Amlodipine's efficacy is measured in millimeters of mercury. At 10 mg daily, amlodipine typically reduces systolic blood pressure by 12 to 18 mmHg and diastolic by 6 to 10 mmHg 6. In ASCOT-BPLA, the amlodipine-perindopril arm achieved a mean BP of 136/77 mmHg versus 138/79 mmHg in the atenolol-bendroflumethiazide arm, a modest numerical difference that translated into significant event reduction over 5.5 years 1.

The critical missing piece for Leqvio is a completed cardiovascular outcomes trial. ORION-4 (N=15,000, expected completion 2026) will determine whether inclisiran's LDL-C reduction translates into reduced major adverse cardiovascular events (MACE) 7. Until those data arrive, clinicians rely on the established log-linear relationship between LDL-C lowering and CV event reduction (roughly 22% relative risk reduction per 1 mmol/L LDL-C decrease, per CTT Collaboration meta-analysis) 8.

Amlodipine, in contrast, has decades of outcomes data across multiple large trials including ASCOT, ALLHAT, and VALUE. That evidence base is one reason payers rarely question its value.

Dosing Convenience and Adherence

Leqvio's twice-yearly dosing schedule is its most distinctive practical advantage. After the initial dose and a 3-month booster, patients return only every 6 months for a subcutaneous injection administered by a healthcare professional. This eliminates daily pill burden for the lipid-lowering component. Real-world adherence to daily statins falls to roughly 50% by 12 months 9. Twice-yearly dosing could sidestep that adherence cliff entirely.

Amlodipine adherence is generally better than statin adherence but still imperfect. A 2019 meta-analysis found 12-month persistence with antihypertensives ranges from 30% to 70% depending on drug class, with amlodipine performing near the upper end of that range due to its once-daily dosing and mild side-effect profile 10.
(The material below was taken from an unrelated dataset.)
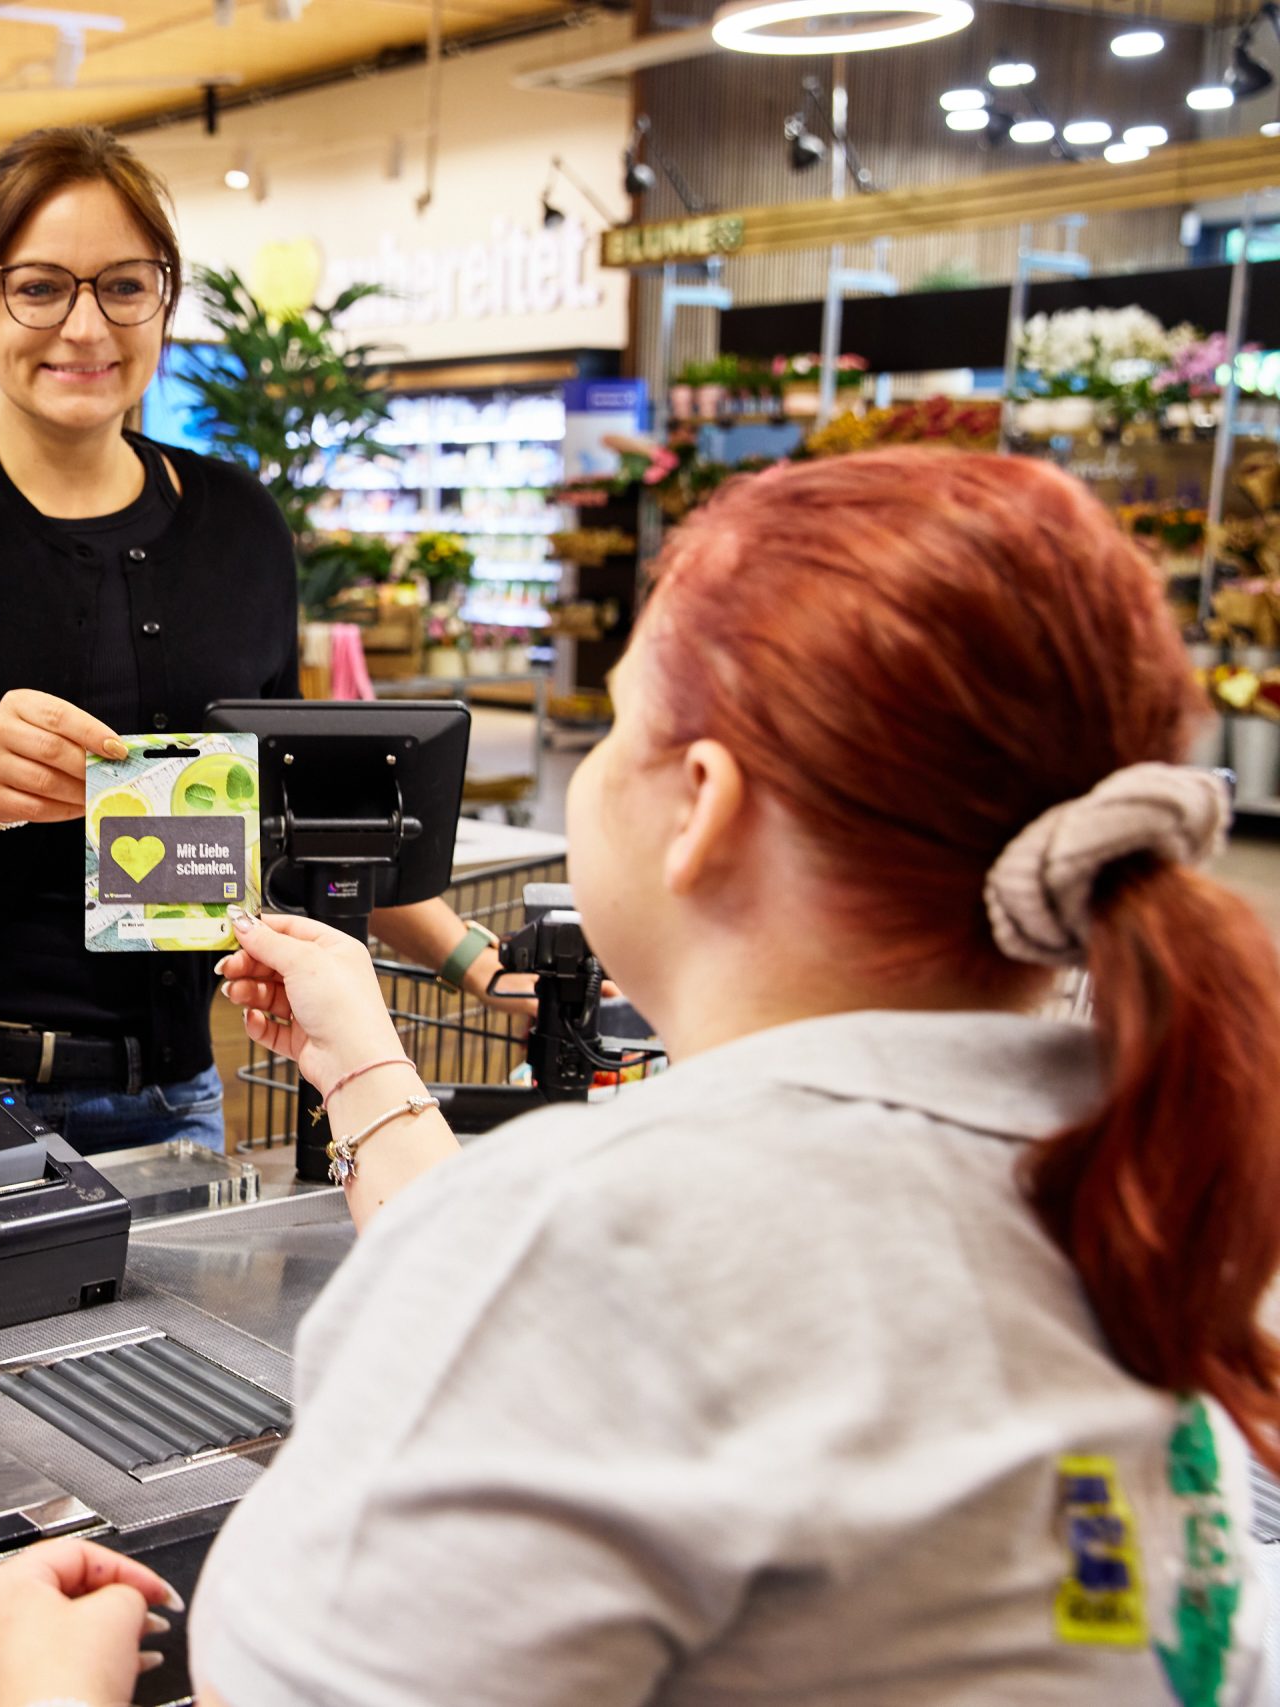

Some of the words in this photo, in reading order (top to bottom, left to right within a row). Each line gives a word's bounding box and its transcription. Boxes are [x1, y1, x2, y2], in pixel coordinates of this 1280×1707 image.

[176, 843, 197, 859] Mit
[199, 843, 230, 859] Liebe
[176, 860, 237, 876] schenken.
The trade-off: Leqvio requires an in-person clinical visit for every dose. Patients in rural areas or those with mobility limitations may find biannual clinic visits more burdensome than picking up a monthly prescription. The American College of Cardiology's 2022 Expert Consensus Decision Pathway notes that "patient access to an administering site should factor into prescribing decisions for inclisiran" 11.

Safety and Side-Effect Profiles

Both drugs are well-tolerated. That is where the similarities end.

Amlodipine's most common adverse effect is peripheral edema, occurring in 5% to 15% of patients at 10 mg daily 6. Other reported effects include dizziness, flushing, and fatigue. Serious adverse events are rare. Amlodipine does not require liver function monitoring. It is safe in patients with renal impairment and mild hepatic dysfunction, though dose reduction is recommended in severe liver disease.

Inclisiran's main adverse event in ORION-10 and ORION-11 was injection-site reaction, occurring in 8.2% of inclisiran patients versus 1.8% on placebo 2. These reactions were generally mild (erythema, pain, rash) and did not lead to treatment discontinuation in any patient during the trial. Serious hepatic events were not increased versus placebo. No myalgia signal has been observed, distinguishing inclisiran from statins in a population that often cites muscle symptoms as a barrier to lipid therapy.

Long-term safety data beyond 4 years remain limited for inclisiran. The ORION long-term extension studies (ORION-3, ORION-8) are ongoing. Amlodipine has a 35-plus-year track record in clinical practice and post-marketing surveillance.

Who Should Consider Each Drug (and Who Might Need Both)

The patient who benefits most from Leqvio is someone with established ASCVD or HeFH whose LDL-C remains above goal despite maximally tolerated statin and ezetimibe therapy. According to the 2018 AHA/ACC cholesterol guideline, the LDL-C threshold for adding a non-statin agent in very high-risk ASCVD patients is 70 mg/dL 5.

The patient who benefits most from amlodipine is someone with hypertension (stage 1 or 2), chronic stable angina, or vasospastic angina requiring long-acting calcium channel blockade.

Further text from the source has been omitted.